ValiRx (LON: VAL) interims show a slightly higher operating loss of £1.15m. The newly formed Inaphaea BioLabs has wo its first external client. There was cash of £890,000 at the end of June 2023 and that should be enough to get to 2024. The share price rose 10.7% to 6.75p.

Cleantech Lithium (LON: CTL) has upgraded its resource estimate for the Francisco Basin in Chile. It has been increased by 74% to 920,000 tonnes of lithium carbonate equivalent at an average grade of 207 milligrams/litre. There could be an annual production rate of 20,000 tonnes of battery grade lithium carbonate over 20 years. The share price increased 3.85% to 54p.

Xtract Resources (LON: XTR) has entered a joint venture with Cooperlemon Consultancy in relation to the exploration for copper at two licences in northwest Zambia. Initial fieldwork will commence in September. The share price is 7.41% higher at 1.45p.

FALLERS

Trinidad-focused oil and gas producer Touchstone Exploration (LON: TXP) is evaluating production tests at Royston-1X. Touchstone Exploration has seen minimal natural flow to the surface. There should be initial sales volumes from Cascadara next week. The share price declined 11.2% to 67.5p.

Benchmark (LON: BMK) says that it has been hit by a decline in demand for shrimps and third quarter profit was lower. There was also an increase in third part costs for the salmon business, but that should only hamper the third quarter. The share price slipped 9.26% to 36.75p.

PHSC (LON: PHSC) has completed its share buy back programme and the share price declined 6.25% to 22.5p. Prior to the buy back the share price was 18.5p.  

Managed IT services provider Redcentric (LON: RCN) swung into loss in the year to March 2023 partly due to higher exceptional charges.

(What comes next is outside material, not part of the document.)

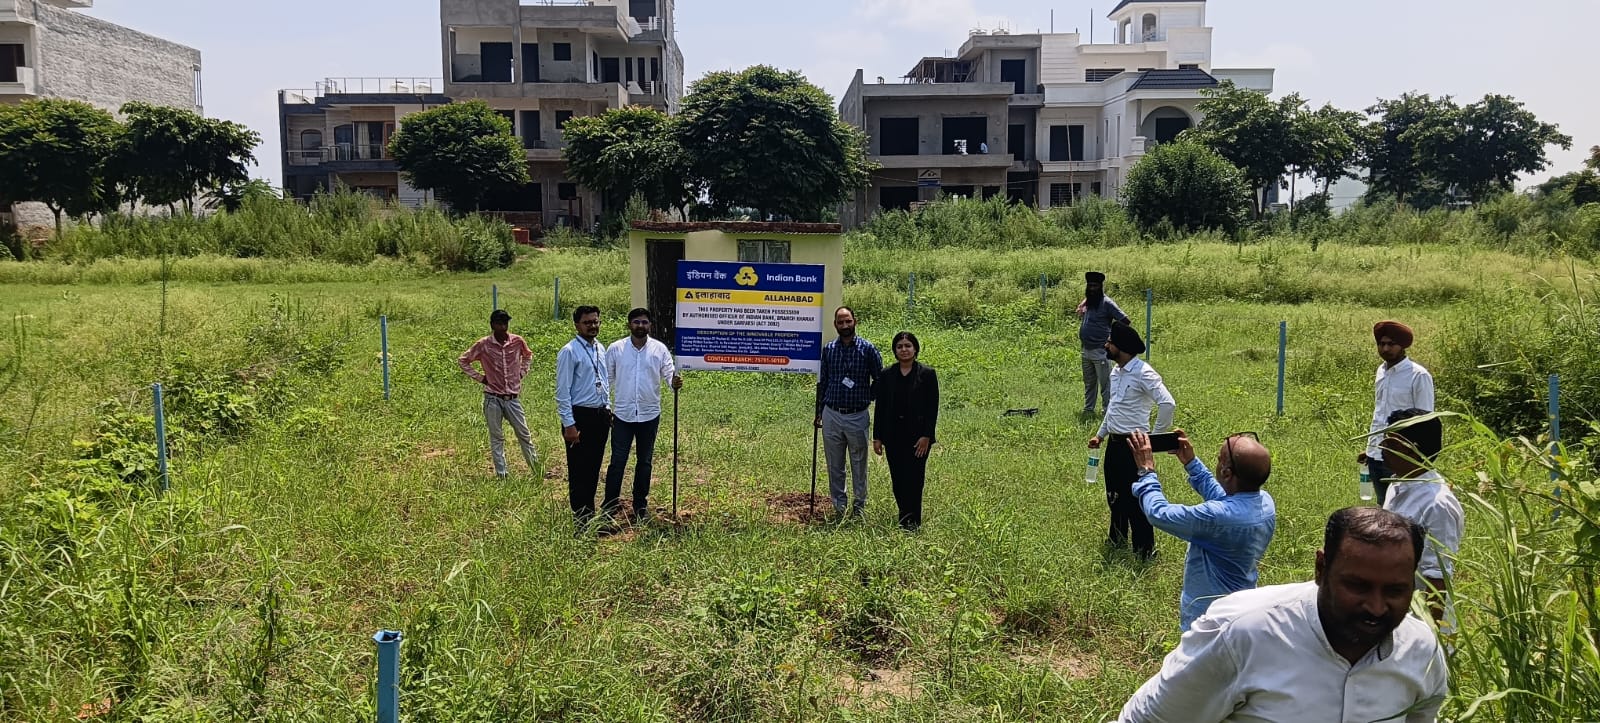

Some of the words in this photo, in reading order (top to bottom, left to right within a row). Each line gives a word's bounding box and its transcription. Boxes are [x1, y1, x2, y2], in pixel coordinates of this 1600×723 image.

Underlying pre-tax profit fell from £14.8m to £5.1m. A 2.4p/share dividend is being paid, taking the total for the year to 3.6p/share. Net debt is £35.6m. The share price fell 3.46% to 125.5p.

Ex-dividends

Arbuthnot Banking (LON: ARBB) is paying an interim dividend of 19p a share and the share price is unchanged at 960p.

Atalaya Mining (LON: ATYM) is paying an interim dividend of 3.9p a share and the share price declined 5p to 323p.

Brickability (LON: BRCK) is paying a final dividend of 2.15p a share and the share price fell 1.3p to 52p.

Cohort (LON: CHRT) is paying a final dividend of 9.15p a share and the share price is 14p lower at 502p.

Northern Bear (LON: NTBR) is paying a dividend of 3p a share and the share price is down 3.5p to 59p.